Growing Old and the Furniture of Thought
Professor Patina lectures to chairs. He says they listen better than people. When he talks about growing old, he traces scratches like footnotes, explaining nothing, proving nothing, simply acknowledging use.
He once muttered a sequence under his breath — happening what you can, can do whats happening, whats happening what — and told me that ageing often feels like rearranging those same words daily until one of them finally sits comfortably.
The Process of Growing Old, Lived Sideways
I don’t experience garnering years as a straight line. It’s more like a spiral staircase where some steps creak and others don’t. The process of ageing shows up for me in the way memory edits itself — trimming drama, keeping texture.
Sometimes, odd sensations arrive like old acquaintances, and I’m reminded of Sir Prickalot, who taught me endurance doesn’t require heroics, only presence.
Growing Old Gracefully Without Trying
Professor Patina dislikes the phrase trying to age well. He says growing old gracefully happens when you stop rehearsing it.

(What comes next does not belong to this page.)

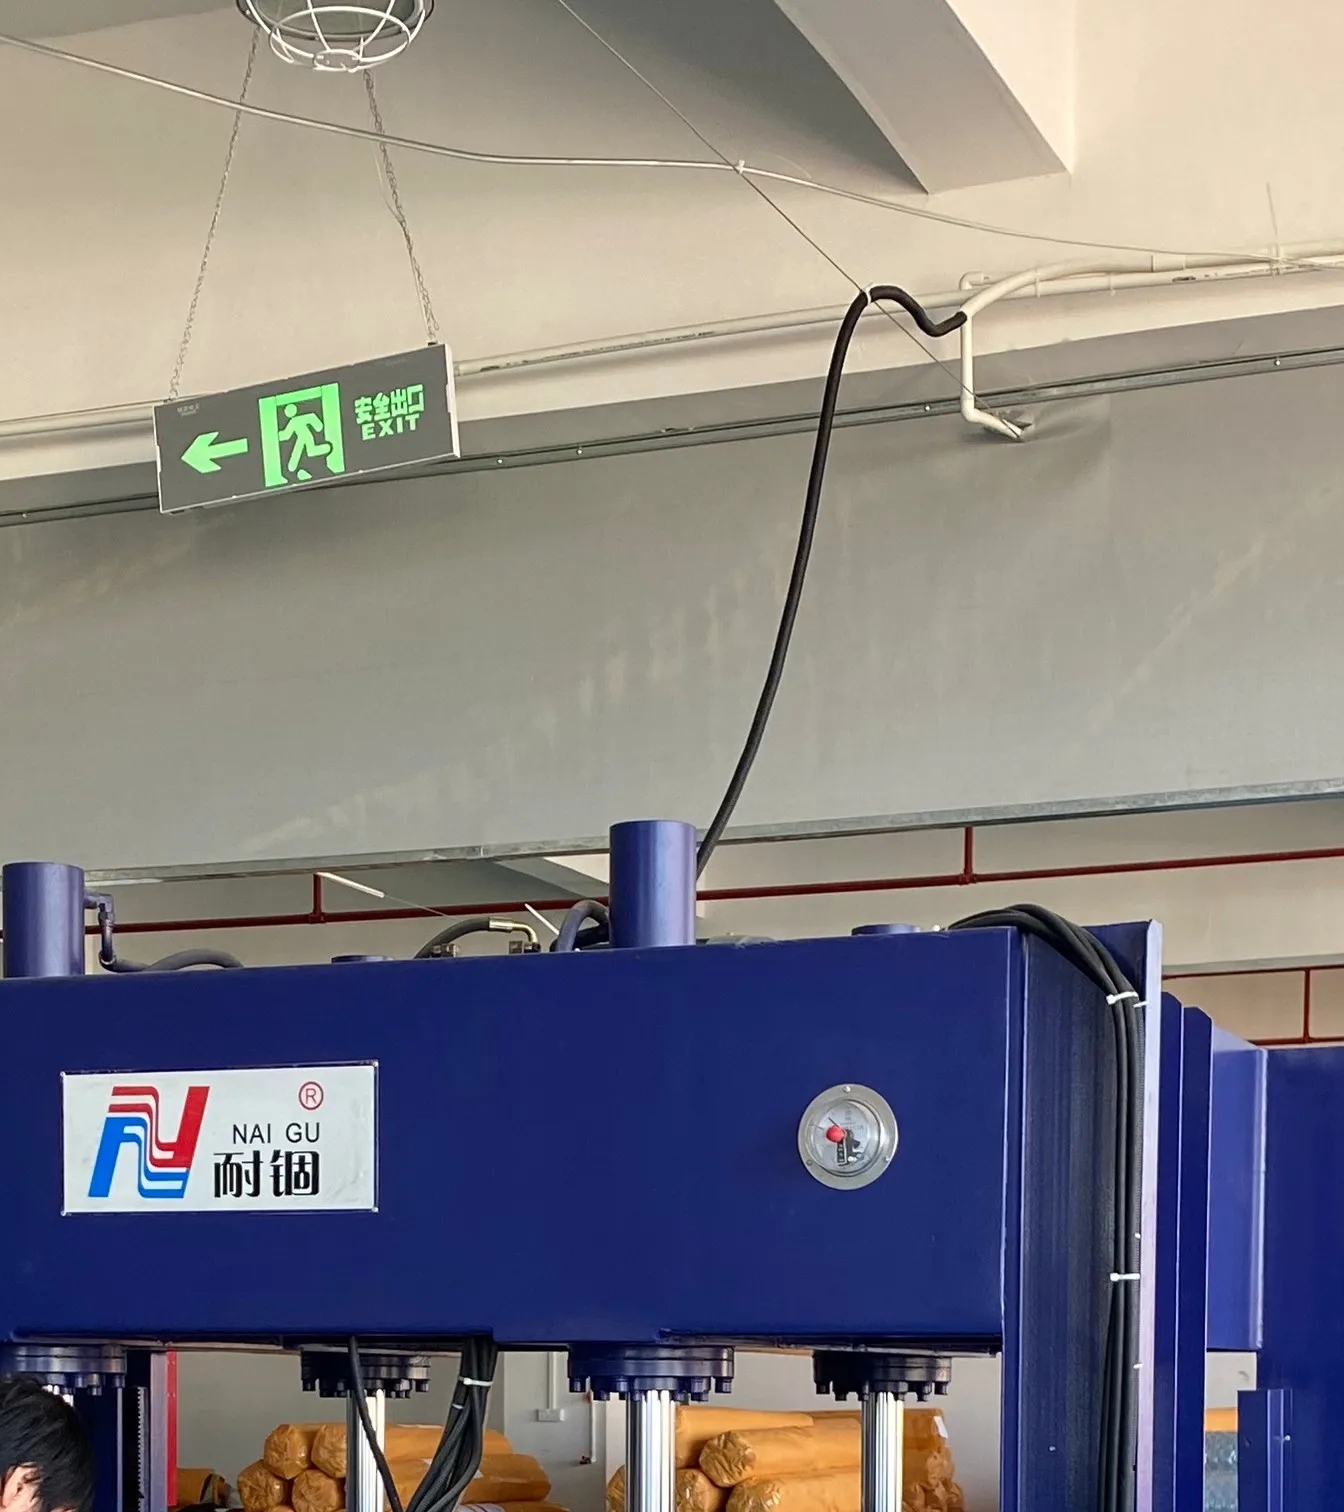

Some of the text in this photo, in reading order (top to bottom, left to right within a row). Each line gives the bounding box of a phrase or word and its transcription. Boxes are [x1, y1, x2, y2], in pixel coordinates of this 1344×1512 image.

[354, 384, 425, 424] 安全出口
[361, 413, 420, 441] EXIT
[232, 1121, 320, 1145] NAI GU
[213, 1149, 320, 1199] 耐锢

I’ve noticed ageing with style feels less like elegance and more like forgiveness — of myself, of time, of the furniture that no longer matches.
Grace, Patina insists, is a side-effect, not a goal.

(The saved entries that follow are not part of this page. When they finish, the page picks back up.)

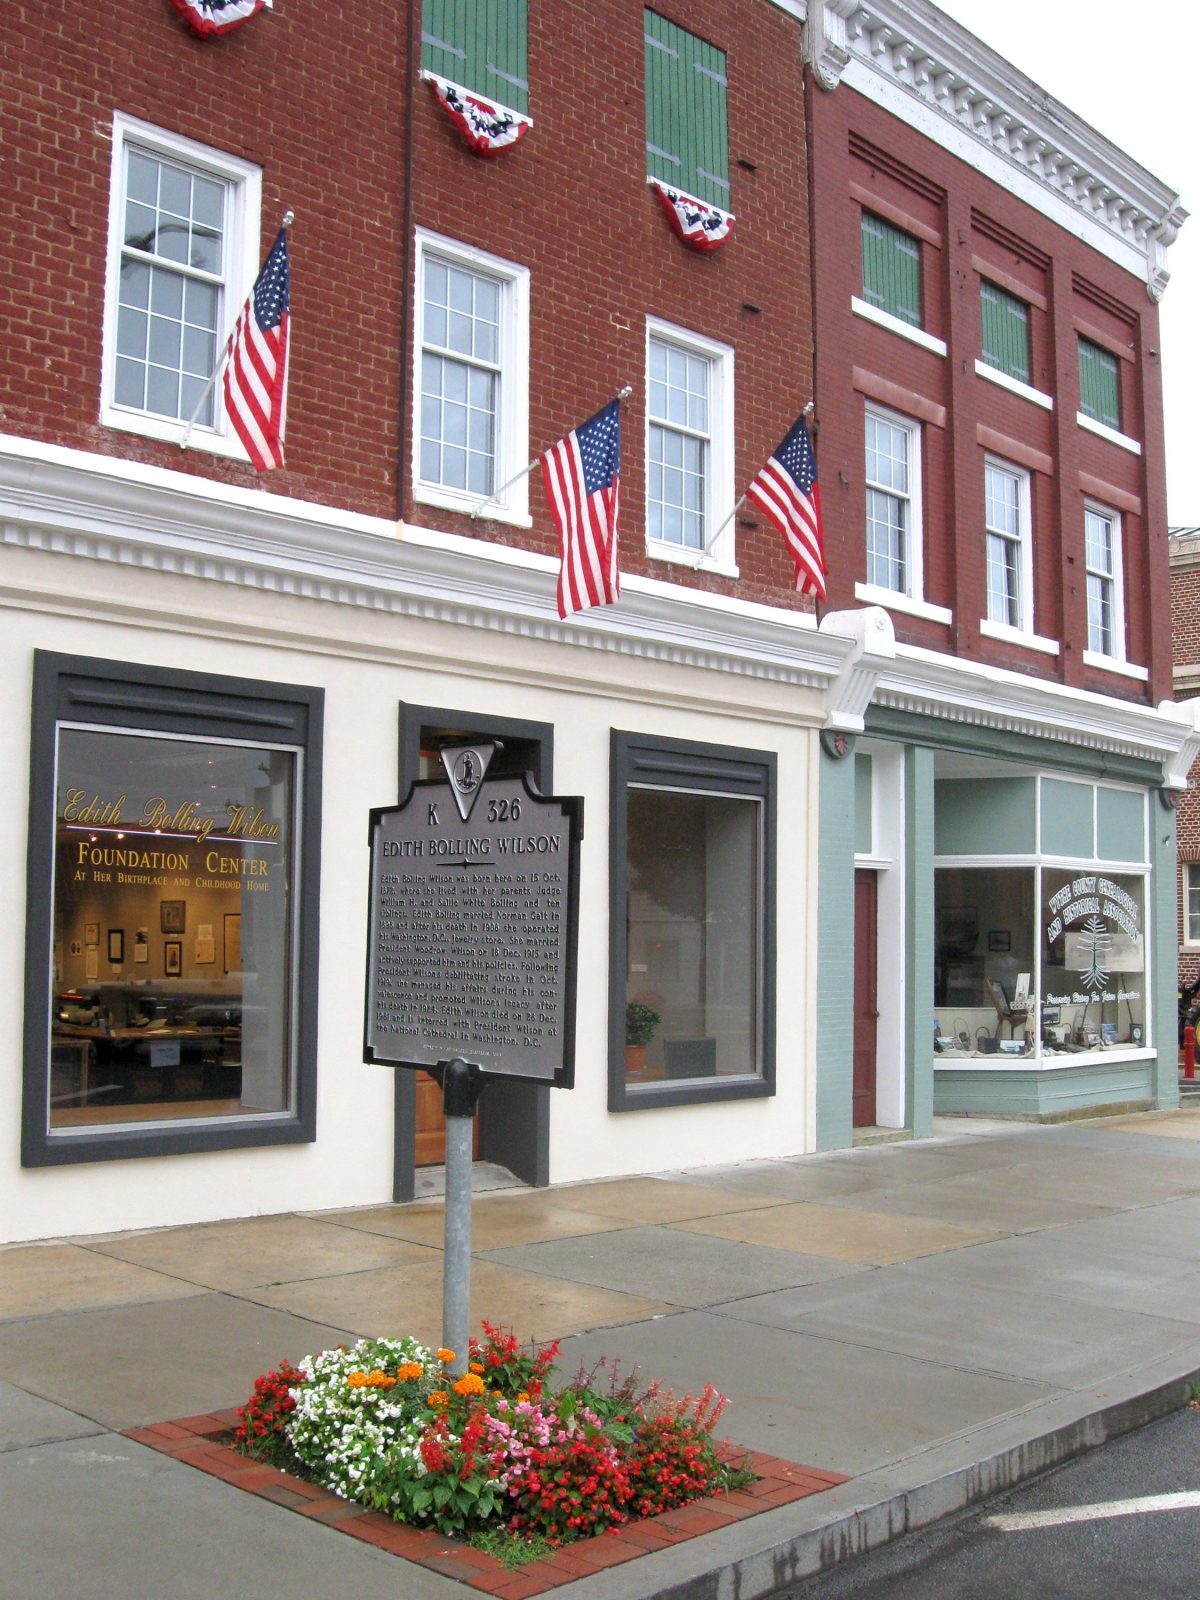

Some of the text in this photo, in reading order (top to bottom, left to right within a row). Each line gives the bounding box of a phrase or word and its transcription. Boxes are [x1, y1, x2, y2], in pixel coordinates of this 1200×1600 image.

[63, 788, 279, 843] Edith Bolling Wilson
[428, 798, 521, 825] K 326
[383, 835, 560, 857] EDITH BOLLING WILSON
[78, 842, 268, 876] FOUNDATION CENTER
[381, 874, 400, 884] Edith
[403, 875, 426, 885] Bolling
[429, 874, 453, 882] Wilson
[473, 874, 490, 882] born
[495, 874, 512, 882] here
[543, 873, 562, 882] Oct.
[438, 886, 457, 894] lived
[462, 886, 478, 894] with
[483, 886, 495, 894] her
[501, 888, 531, 896] parents
[537, 886, 561, 896] Judge
[1049, 884, 1071, 914] WYTHE
[1073, 877, 1096, 896] COUNTY
[380, 898, 405, 906] William
[421, 899, 433, 907] and
[438, 898, 458, 907] Sallie
[463, 898, 485, 907] White
[491, 898, 518, 908] Bolling
[524, 898, 540, 907] and
[547, 899, 560, 908] ten
[412, 910, 432, 918] Edith
[436, 910, 460, 920] Bolling
[464, 911, 494, 919] married
[497, 911, 528, 920] Norman
[551, 912, 560, 921] in
[1048, 917, 1062, 943] AND
[1063, 898, 1099, 925] HISTORICAL
[397, 921, 408, 930] and
[412, 921, 429, 930] after
[432, 922, 443, 931] his
[446, 922, 467, 931] death
[470, 923, 478, 931] in
[504, 923, 517, 932] she
[522, 924, 560, 934] operated
[510, 936, 523, 945] She
[526, 936, 560, 946] married
[378, 944, 411, 953] President
[414, 945, 446, 954] Woodrow
[451, 946, 476, 956] Wilson
[478, 948, 488, 956] on
[544, 950, 560, 959] and
[406, 957, 441, 967] supported
[443, 958, 456, 967] him
[458, 959, 470, 967] and
[473, 959, 483, 968] his
[521, 962, 559, 973] Following
[377, 967, 409, 976] President
[445, 970, 489, 982] debilitating
[495, 973, 521, 983] stroke
[526, 974, 534, 984] in
[445, 982, 456, 990] his
[462, 983, 487, 992] affairs
[492, 984, 517, 996] during
[522, 987, 534, 996] his
[415, 992, 428, 1001] and
[431, 994, 466, 1004] promoted
[504, 999, 530, 1009] legacy
[537, 1000, 558, 1010] after
[389, 1002, 408, 1011] death
[410, 1003, 418, 1012] in
[442, 1006, 462, 1016] Edith
[465, 1008, 490, 1017] Wilson
[492, 1010, 509, 1019] died
[512, 1012, 522, 1021] on
[390, 1024, 419, 1035] National
[422, 1028, 458, 1039] Cathedral
[461, 1031, 470, 1040] in
[392, 1013, 405, 1022] and
[418, 1015, 448, 1026] interred
[453, 1018, 470, 1028] with
[474, 1021, 511, 1031] President
[516, 1024, 544, 1035] Wilson
[548, 1027, 557, 1036] at

Growing Old in America, from Afar
I don’t live there, but I hear stories of growing old in America — narratives shaped by speed, productivity, and resistance to wear. Professor Patina listens politely, then runs his hand across a scarred tabletop as if to say that usefulness leaves marks everywhere, regardless of postcode.
He once handed me an article about the ageing process. I read it slowly, not for guidance, but for resonance — noticing which sentences echoed my own experience and which drifted past like weather reports.
A Visit from Dr Parsley
One afternoon, Professor Patina was joined by Dr Parsley, who spoke in herbs and metaphors. They didn’t debate. They shared silence. It struck me then that gaining years often looks like fewer arguments and better company.

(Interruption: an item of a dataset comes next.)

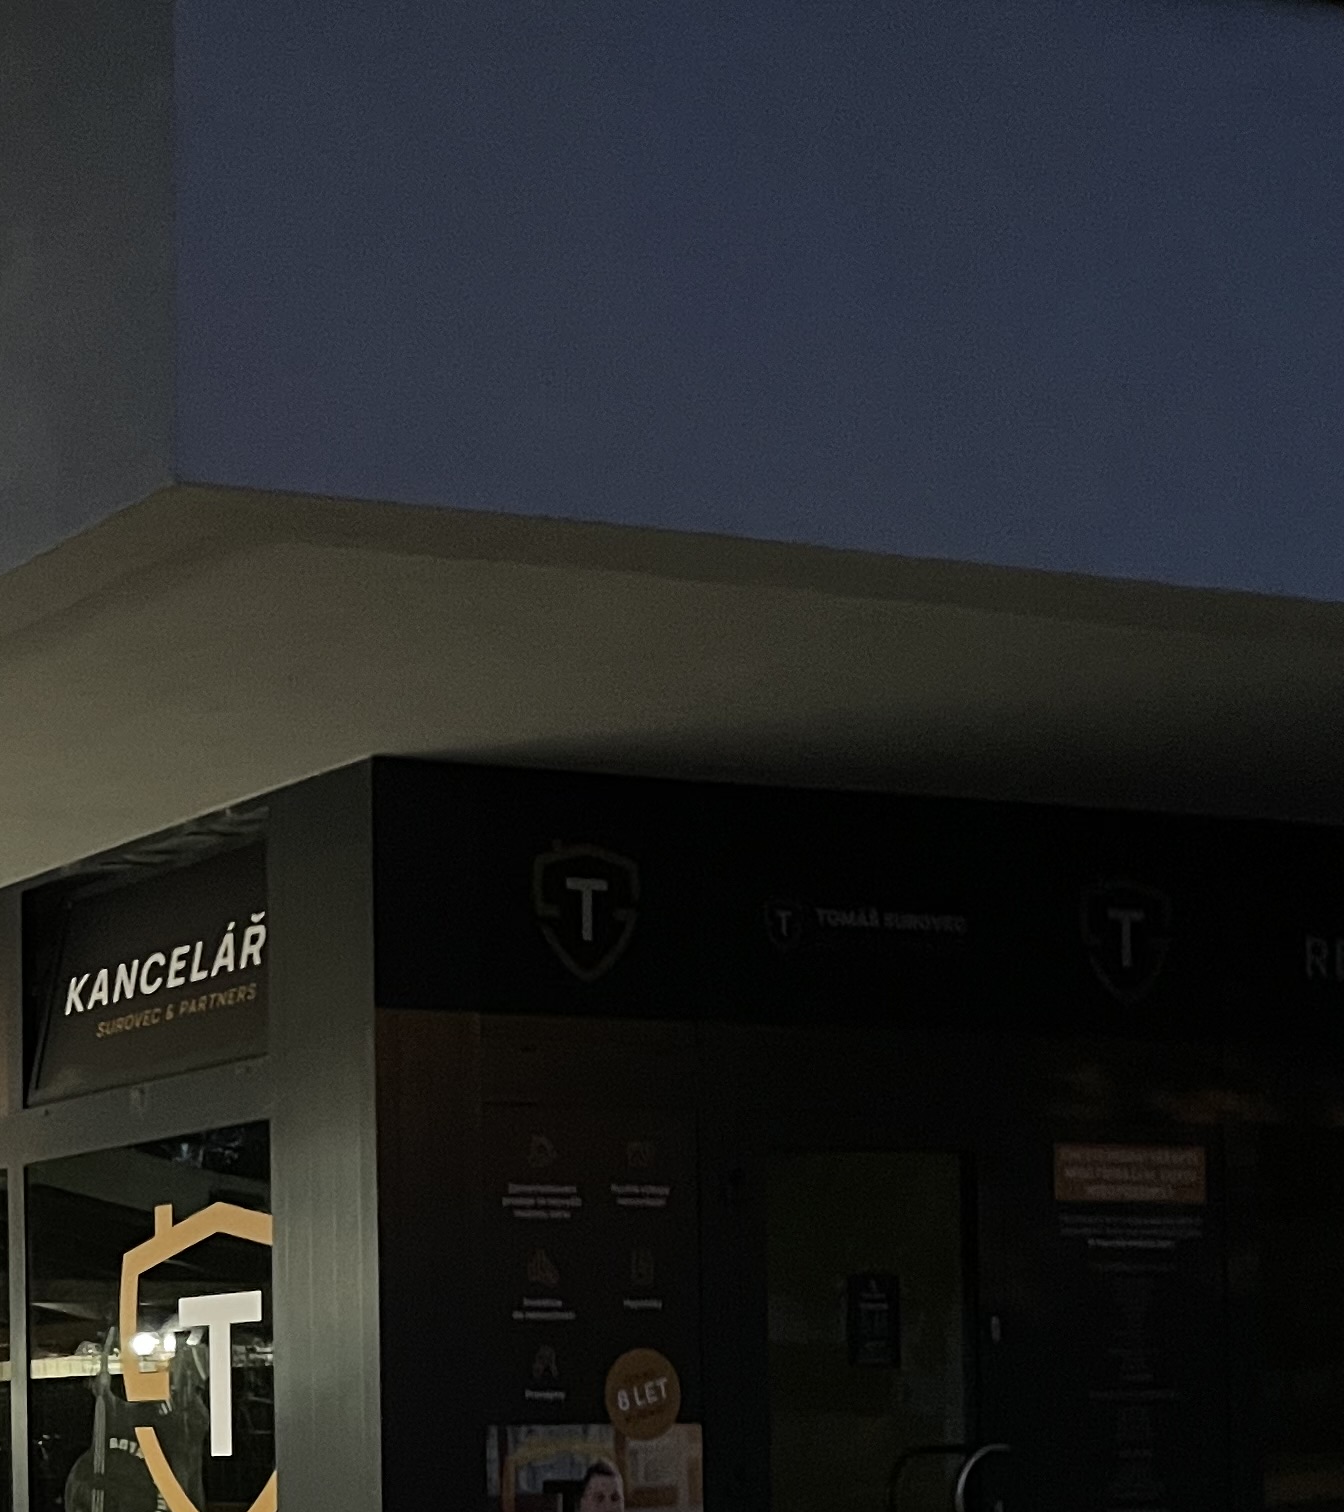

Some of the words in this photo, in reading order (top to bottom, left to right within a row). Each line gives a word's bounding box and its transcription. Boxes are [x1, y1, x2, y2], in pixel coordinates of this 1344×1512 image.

Nonsense Verse: Professor Patina Speaks
Professor Patina dusted a thinking chair,
And murmured of growing old with care.
“See the shine where hands once stayed,
That’s not decay — it’s progress made.”
He counted scratches, one through ten,
Each mark a friend, not where-or-when.
“Don’t chase smooth,” he said, quite bold,
“The best things come from ageing gracefully.”
The chair agreed with a wooden sigh,
As minutes slowed and years walked by.
No rules, no race, no finish line —
Just time behaving, mostly kind.
Gentle Reflection
What growing old has given me is not certainty, but permission. Permission to pause, to feel without fixing, to accept that some days are about happening what you can and nothing more. Professor Patina never framed ageing as loss. He framed it as evidence — proof that something has been used, leaned on, lived with.
Growing Old as Continuity, Not Decline
I no longer experience growing old as a narrowing. It feels more like sediment — layers settling, forming something solid enough to stand on. When I think back, I realise that accumulating years has quietly taught me which questions are worth carrying and which can be set down without ceremony.
Conclusion
If growing old is anything, it is a conversation that deepens rather than concludes. I feel it when I move more slowly but notice more. I feel it when certainty loosens its grip. Professor Patina would say that wear is not the opposite of worth — it is the evidence of it. And in that sense, growing old has been less about endings, and more about finally understanding what has been there all along.
Deep thinking becomes profound when it changes how you see, not just what you know.
Stephenism
🎵 Soul from the Solo Blogger — Tunes from Túrail.